If one is willing to bend on the requirement to use MapIndexed, ReplacePart can generate the desired output directly:

$list = {a, {b, {c^d, {e + f g}}}};

ReplacePart[$list, {i:PatternSequence[2..., 1]} :> h[$list[[i]], {i}]]
(* {h[a, {1}], {h[b, {2, 1}], {h[c^d, {2, 2, 1}], {h[e + f g, {2, 2, 2, 1}]}}}} *)

MapIndexed

Alternatively, we can define an auxiliary lifting operator that adjusts a function h so that it operates only upon the desired elements of a "nested list":

nesting[h_][v_, i:{2..., 1}] := h[v, i]
nesting[h_][v_, _] := v

Then we can use it with MapIndexed:

$list = {a, {b, {c^d, {e + f g}}}};

MapIndexed[nesting[h], $list, Infinity]
(* {h[a, {1}], {h[b, {2, 1}], {h[c^d, {2, 2, 1}], {h[e + f g, {2, 2, 2, 1}]}}}} *)

But...

Watch Out For Held Expressions

Note that while the ReplacePart method operates correctly upon held subexpressions, the MapIndexed method does not:

$list2 = {a, {Hold[b, c]}};

ReplacePart[$list2, {i:PatternSequence[2..., 1]} :> h[$list2[[i]], {i}]]
(* {h[a, {1}], {h[Hold[b, c], {2, 1}]}} *)

MapIndexed[nesting[h], $list2, Infinity]
(* {h[a,{1}],{h[Hold[nesting[h][b,{2,1,1}],nesting[h][c,{2,1,2}]],{2,1}]}} *)

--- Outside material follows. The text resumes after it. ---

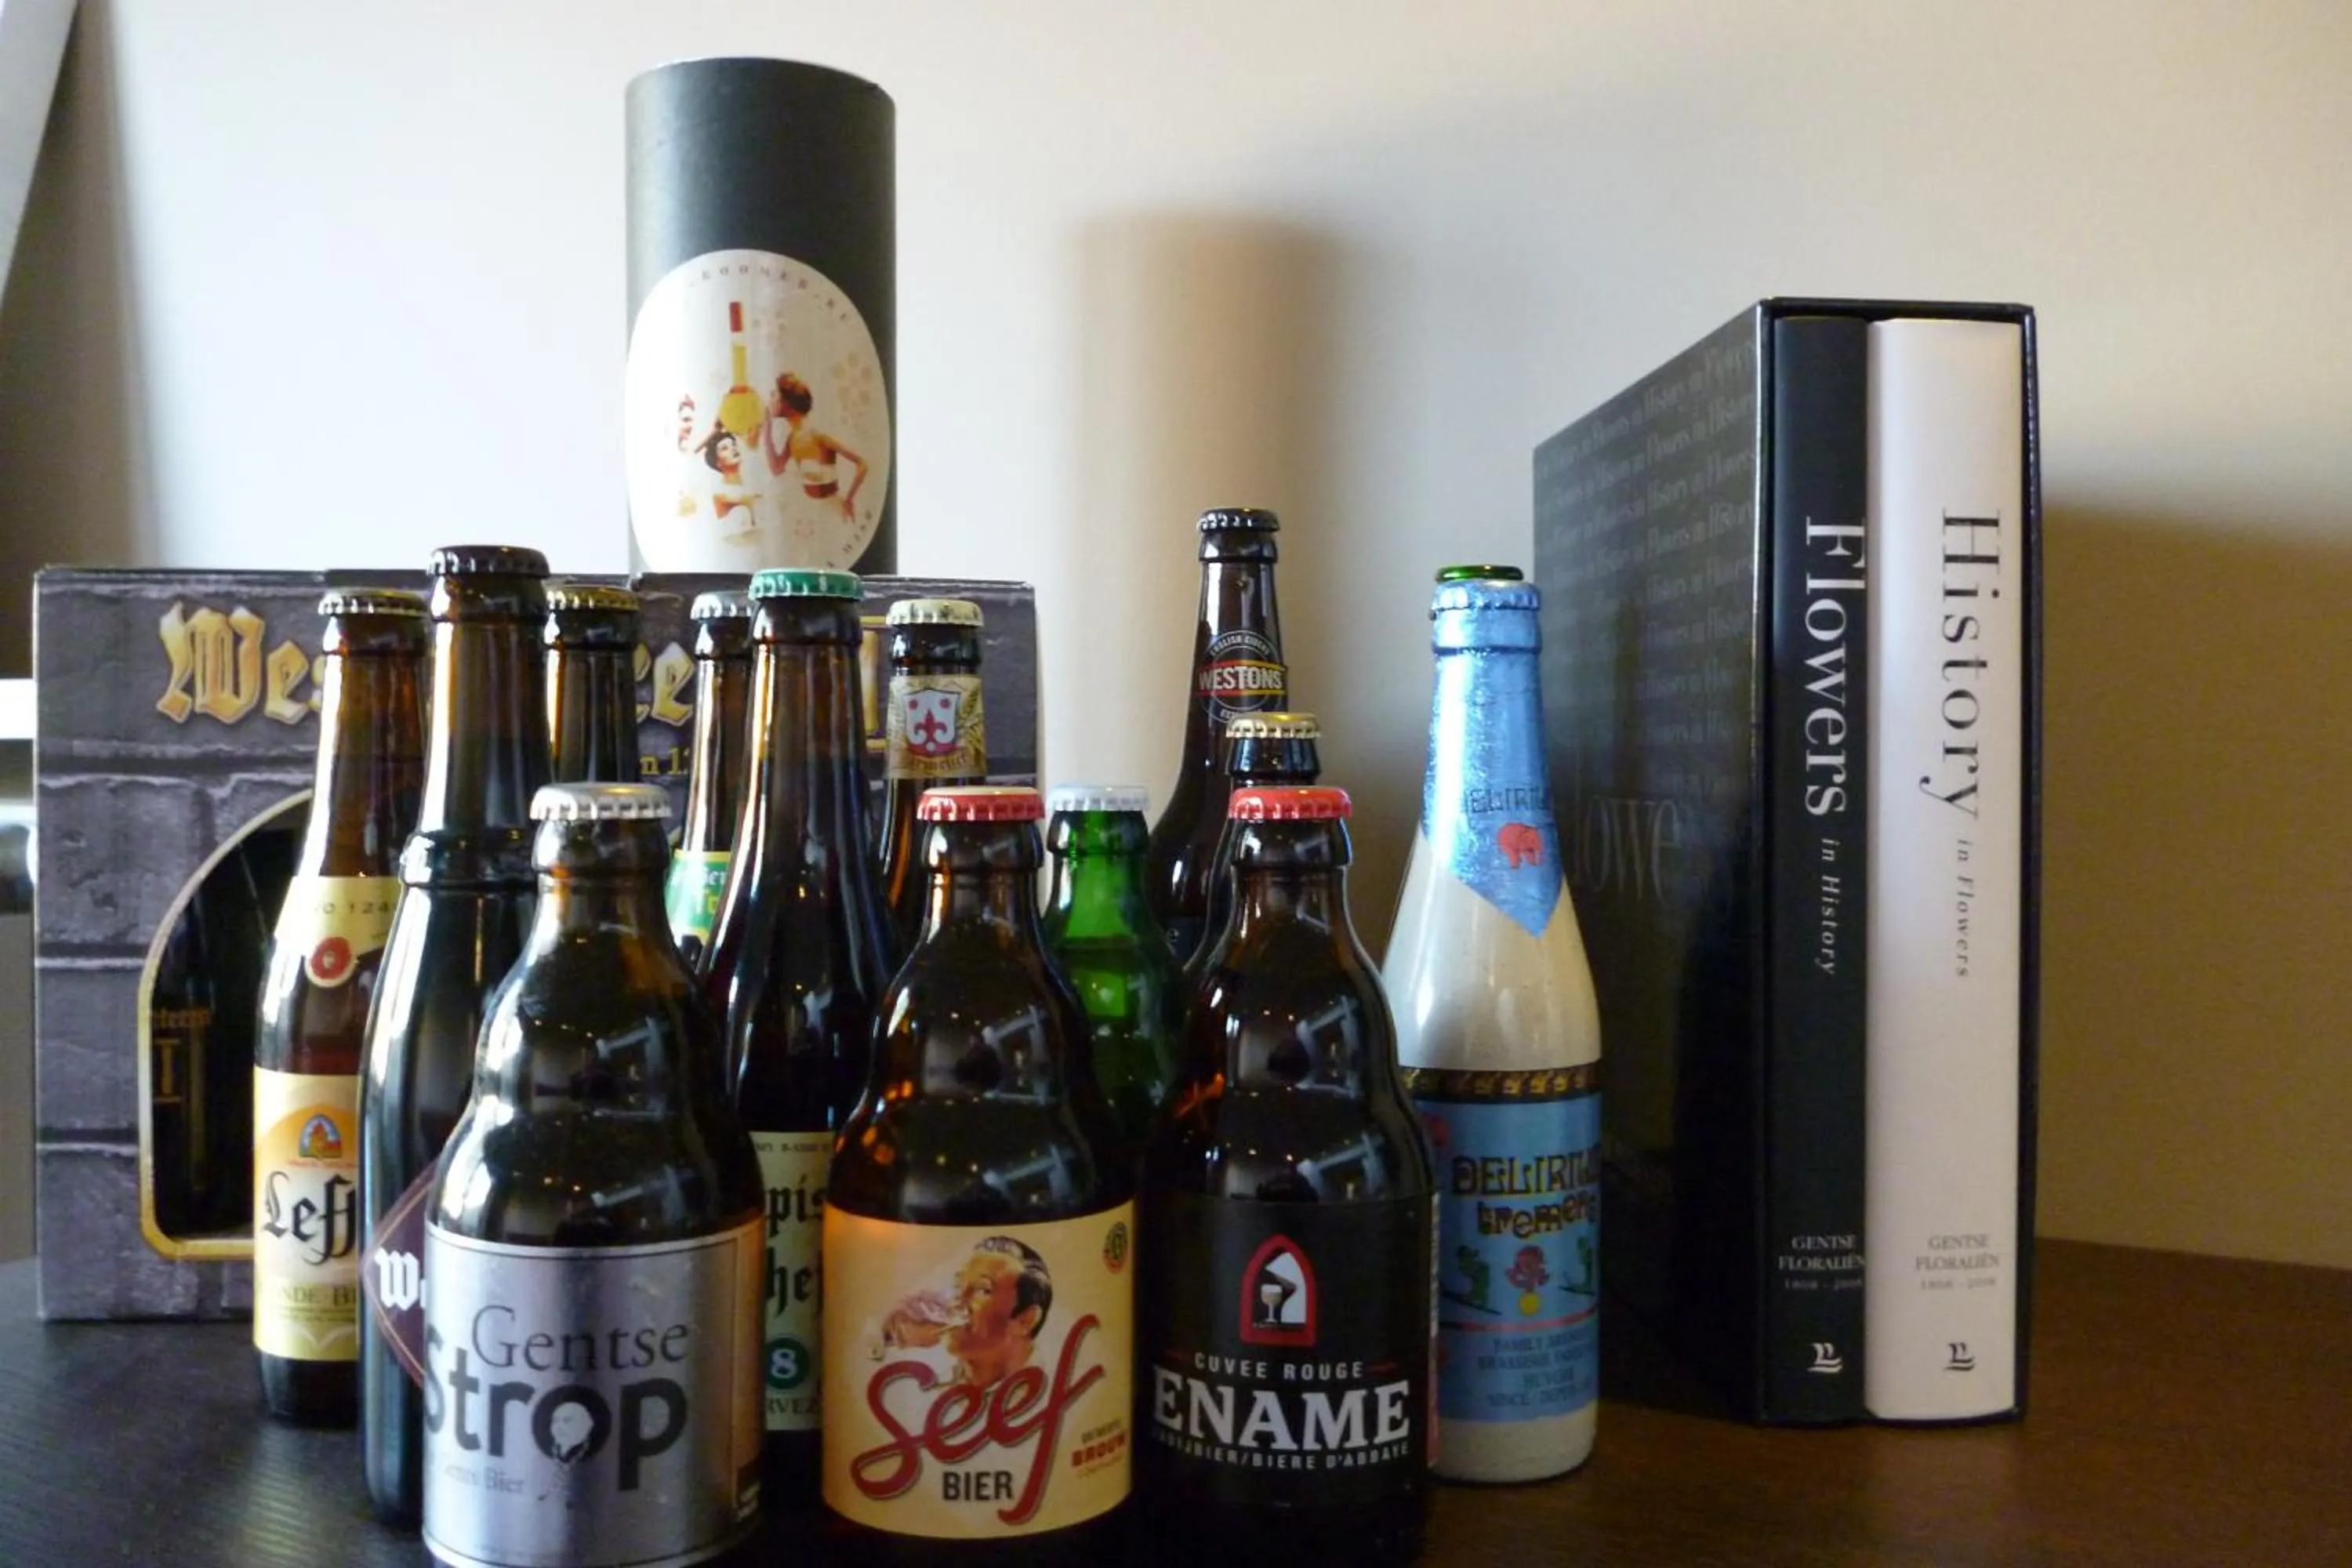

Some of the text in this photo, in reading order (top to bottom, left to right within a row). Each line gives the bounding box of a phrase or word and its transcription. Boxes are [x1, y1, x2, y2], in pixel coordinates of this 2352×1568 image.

The problem with MapIndexed and other mapping-based approaches is that they visit all elements indiscriminately. In simple examples this is harmless, but in general it can pose a problem. ReplacePart and similar replacement-based solutions can be more discriminating and only touch the selected elements.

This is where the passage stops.